One Day International series
- Results: Sri Lanka won the 2-match series 2–0
- Most runs: Charith Asalanka (205) / Alex Carey (41) Steve Smith (41)
- Most wickets: Dunith Wellalage (6) / Sean Abbott (4)
- Player of the series: Charith Asalanka (SL)

= Australian cricket team in Sri Lanka in 2024–25 =

International cricket tour

The Australia cricket team toured Sri Lanka in January and February 2025 to play the Sri Lanka cricket team. The tour consisted of two Tests and two One Day International (ODI) matches. The Test series, where the teams contested for the Warne–Muralitharan Trophy, formed part of the 2023–2025 ICC World Test Championship. The ODI series served as part of Australia's preparation for the 2025 ICC Champions Trophy in February 2025. In November 2024, the Sri Lanka Cricket (SLC) confirmed the fixtures for the tour. Australia had last toured Sri Lanka in 2022.
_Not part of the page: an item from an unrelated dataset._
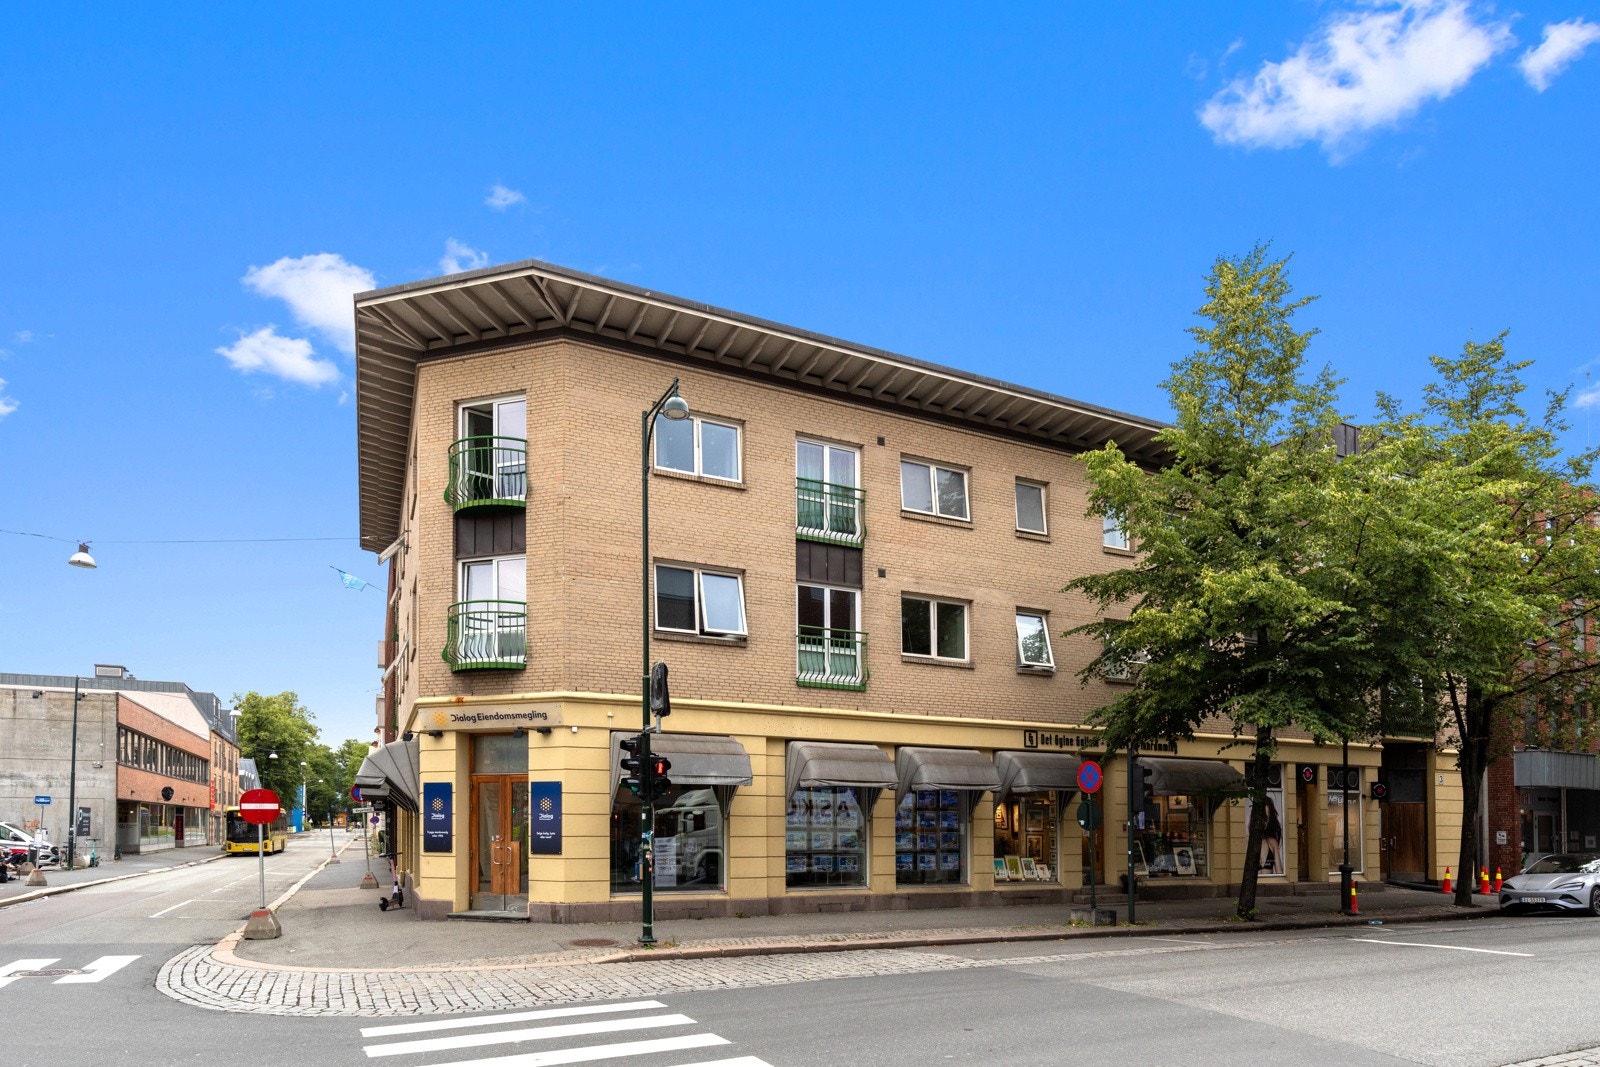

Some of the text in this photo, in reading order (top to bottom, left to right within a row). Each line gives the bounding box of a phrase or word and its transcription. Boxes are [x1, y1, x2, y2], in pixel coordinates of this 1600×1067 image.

[450, 710, 548, 724] Dialog Eiendomsmegling
[1041, 733, 1053, 746] Det
Initially, the tour included only one ODI match. Later, the schedule was revised by SLC to include two ODI matches. The Test matches were played at the Galle International Stadium in Galle, and Australia won the series 2–0. The ODI matches were played at the R. Premadasa Stadium in Colombo, and Sri Lanka won the series 2–0.

==Squads==

| Sri Lanka |  | Australia |  |
|---|---|---|---|
| Tests | ODIs | Tests | ODIs |
| Dhananjaya de Silva (c); Dinesh Chandimal (wk); Sonal Dinusha; Asitha Fernando; Oshada Fernando; Vishwa Fernando; Prabath Jayasuriya; Dimuth Karunaratne; Lahiru Kumara; Angelo Mathews; Kamindu Mendis; Kusal Mendis (wk); Ramesh Mendis; Pathum Nissanka; Nishan Peiris; Milan Rathnayake; Sadeera Samarawickrama (wk); Lahiru Udara; Jeffrey Vandersay; | Charith Asalanka (c); Asitha Fernando; Avishka Fernando; Nuwanidu Fernando; Wanindu Hasaranga; Lahiru Kumara; Janith Liyanage; Nishan Madushka (wk); Eshan Malinga; Kamindu Mendis; Kusal Mendis (wk); Pathum Nissanka; Mohamed Shiraz; Maheesh Theekshana; Jeffrey Vandersay; Dunith Wellalage; | Steve Smith (c); Travis Head (vc); Sean Abbott; Scott Boland; Alex Carey (wk); Cooper Connolly; Josh Inglis (wk); Usman Khawaja; Sam Konstas; Matthew Kuhnemann; Marnus Labuschagne; Nathan Lyon; Nathan McSweeney; Todd Murphy; Mitchell Starc; Beau Webster; | Steve Smith (c); Pat Cummins (c); Sean Abbott; Alex Carey (wk); Cooper Connolly; Ben Dwarshuis; Nathan Ellis; Jake Fraser-McGurk; Aaron Hardie; Josh Hazlewood; Travis Head; Josh Inglis (wk); Spencer Johnson; Marnus Labuschagne; Mitchell Marsh; Glenn Maxwell; Tanveer Sangha; Matthew Short; Mitchell Starc; Marcus Stoinis; |

On 5 February, Ramesh Mendis was added into the squad for the 2nd Test.

On 6 February, Marcus Stoinis was ruled out of the ODI series after his retirement. On the same day, both Pat Cummins and Josh Hazlewood were also ruled out of the ODI series as well as the 2025 ICC Champions Trophy with Sean Abbott, Cooper Connolly, Ben Dwarshuis, Jake Fraser-McGurk, Spencer Johnson and Tanveer Sangha were added to the ODI squad.